• [Exercise data]:

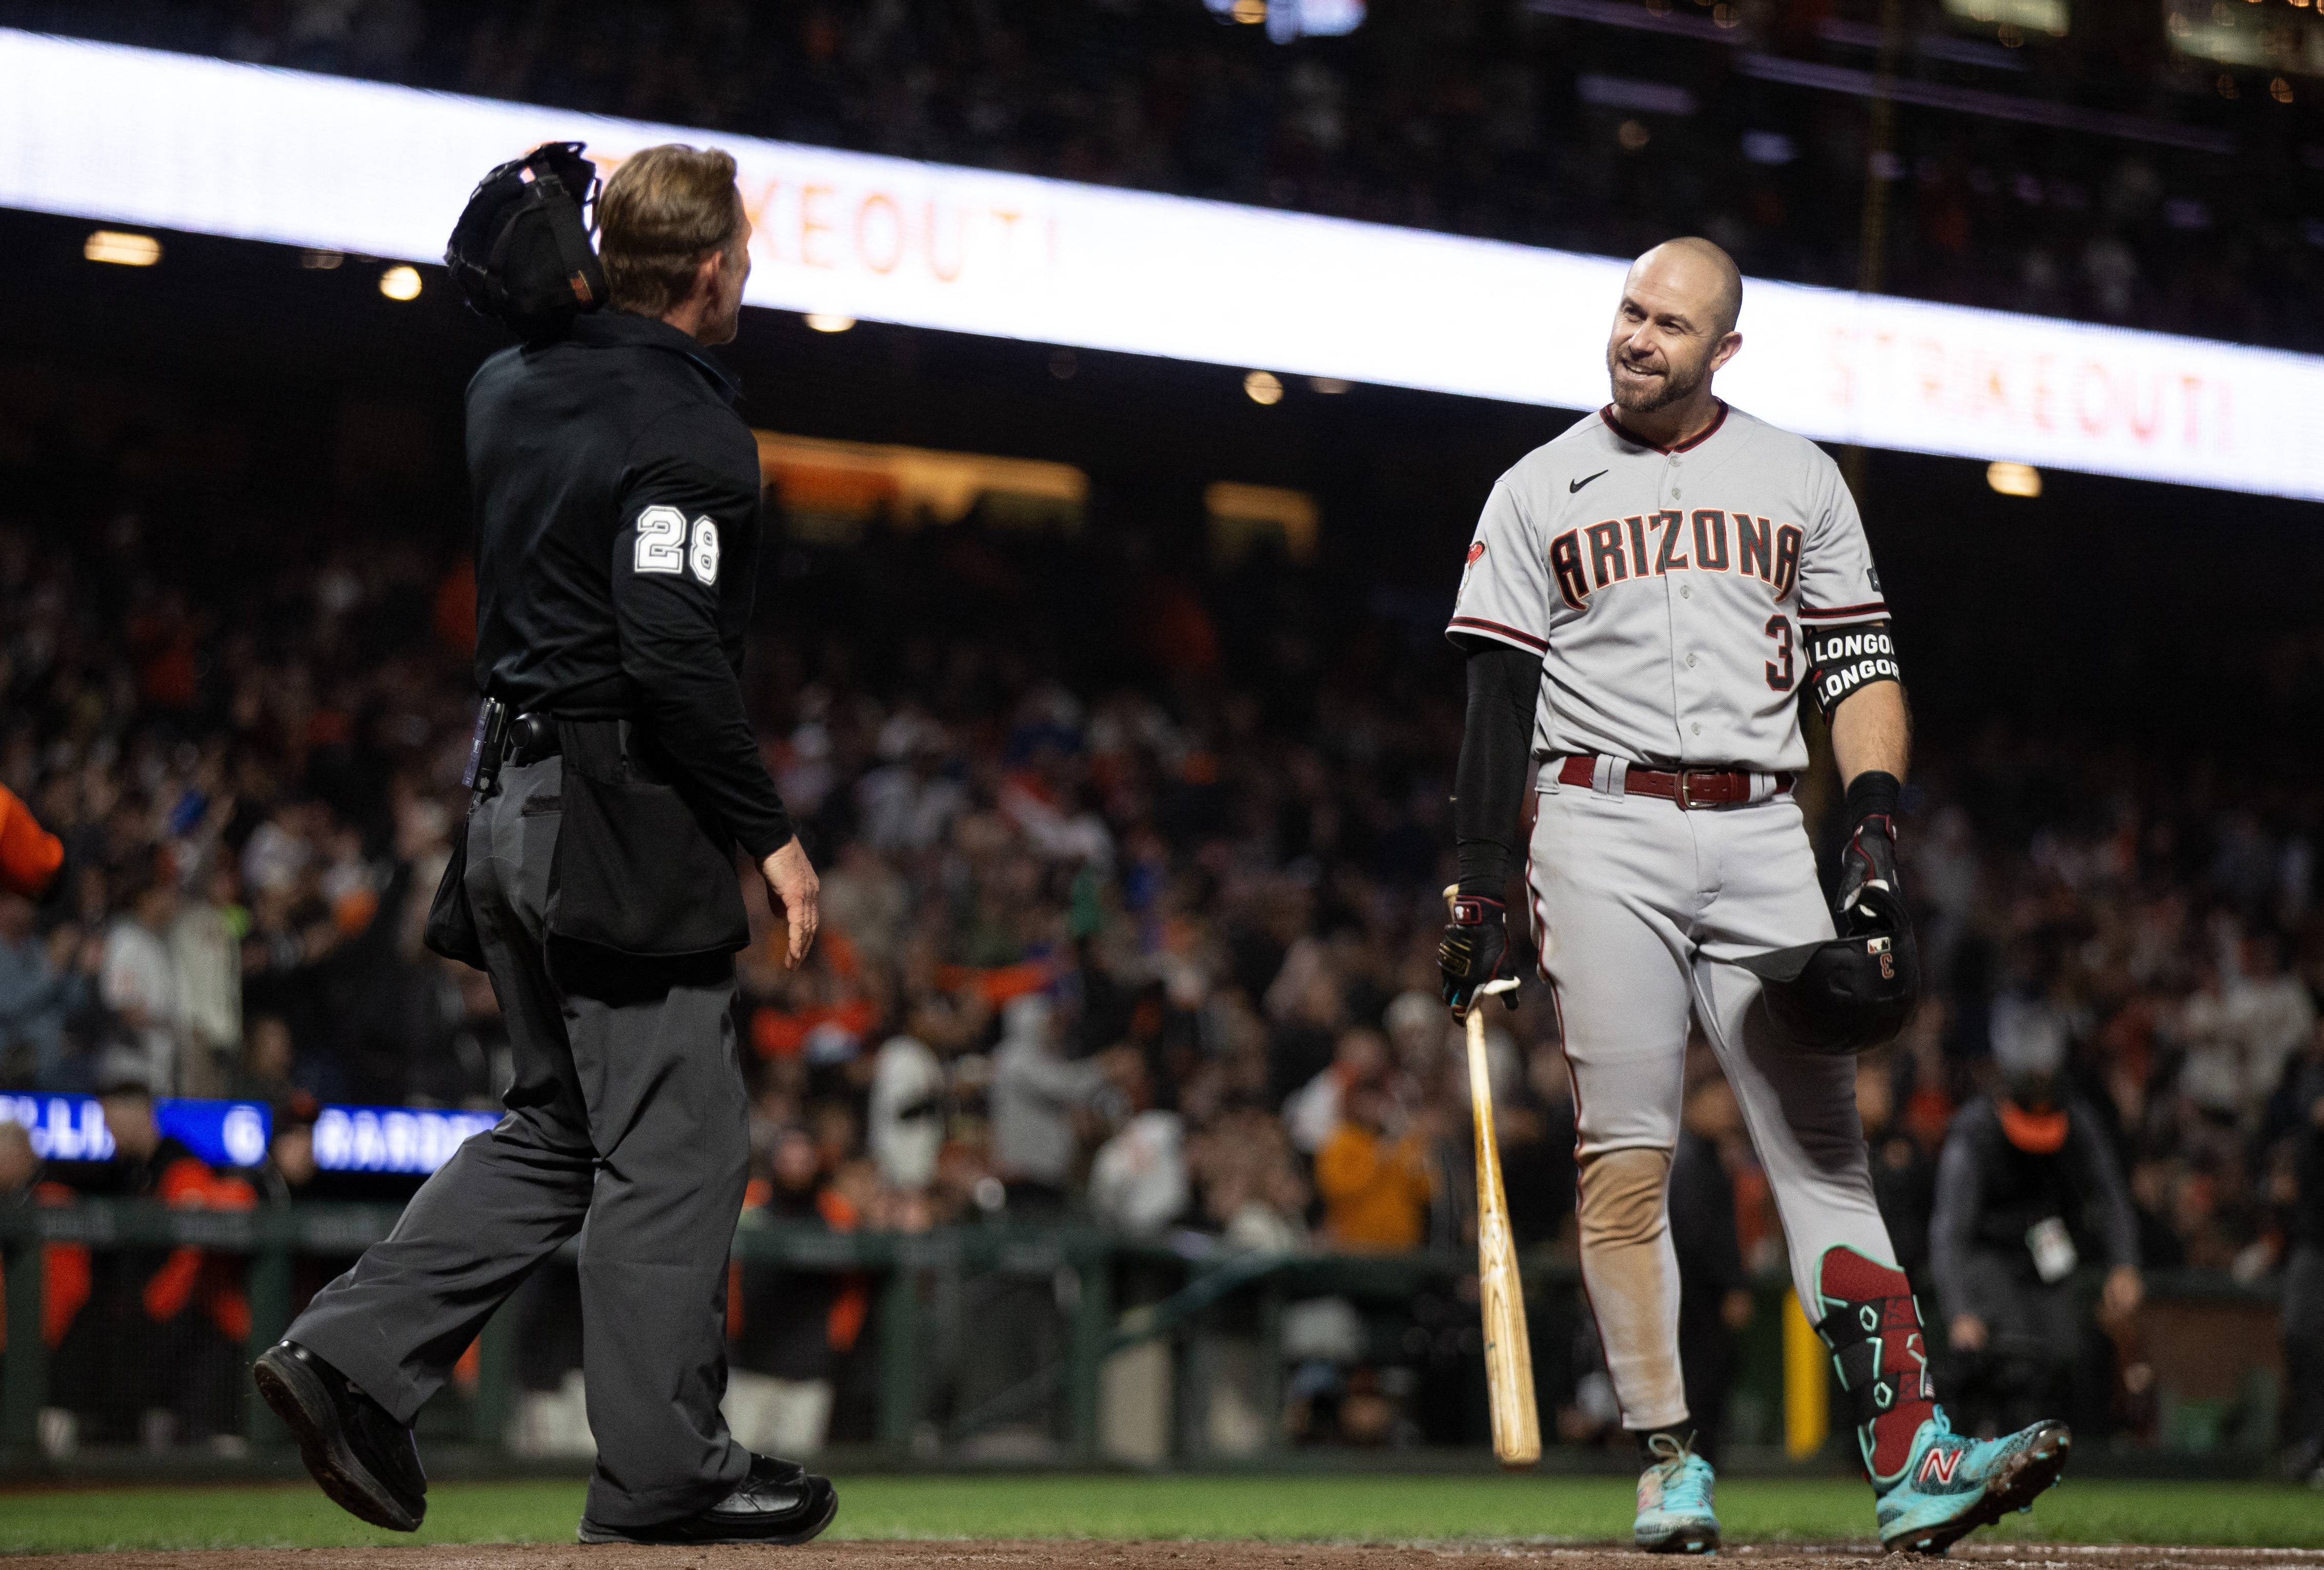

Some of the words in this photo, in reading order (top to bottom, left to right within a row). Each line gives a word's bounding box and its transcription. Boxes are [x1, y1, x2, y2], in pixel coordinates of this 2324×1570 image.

[1823, 323, 2233, 454] STRIKEOUT!
[634, 504, 719, 586] 28
[1549, 508, 1804, 611] ARIZONA
[1765, 615, 1794, 691] 3
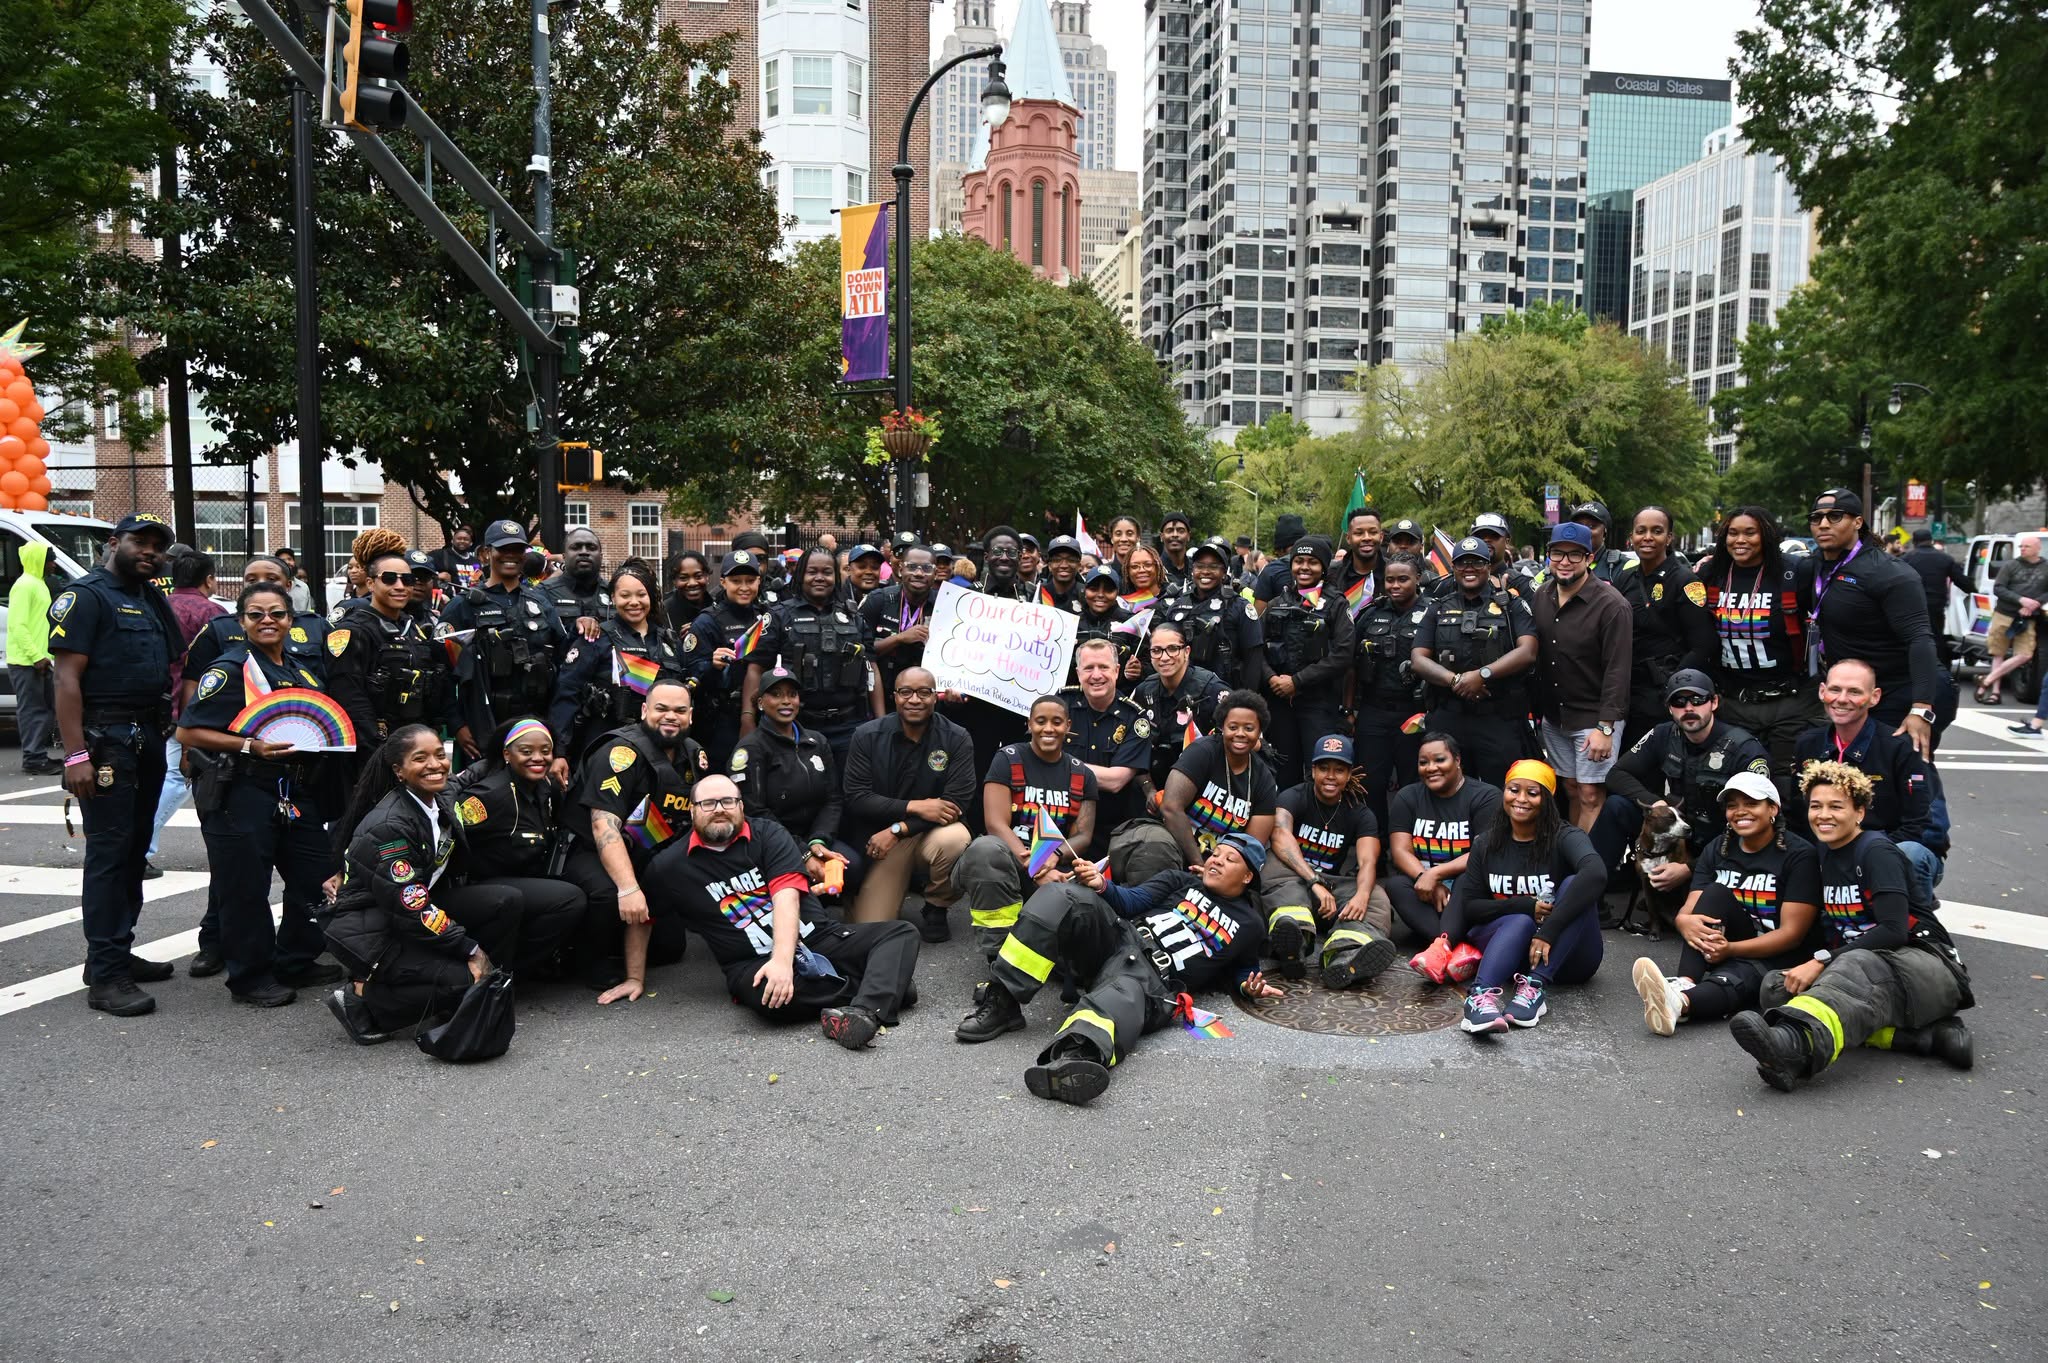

• [Problem]:
Although the records contain pictures, only their text should be repeated, exactly as it appears.

• [Completed exercise]:
Some of the words in this photo, in reading order (top to bottom, left to right within a row). Each line gives a word's bounding box and its transcription. Boxes are [x1, y1, x2, y2], in pixel coordinates of this 2324×1570 image.

[1823, 323, 2233, 454] STRIKEOUT!
[634, 504, 719, 586] 28
[1549, 508, 1804, 611] ARIZONA
[1765, 615, 1794, 691] 3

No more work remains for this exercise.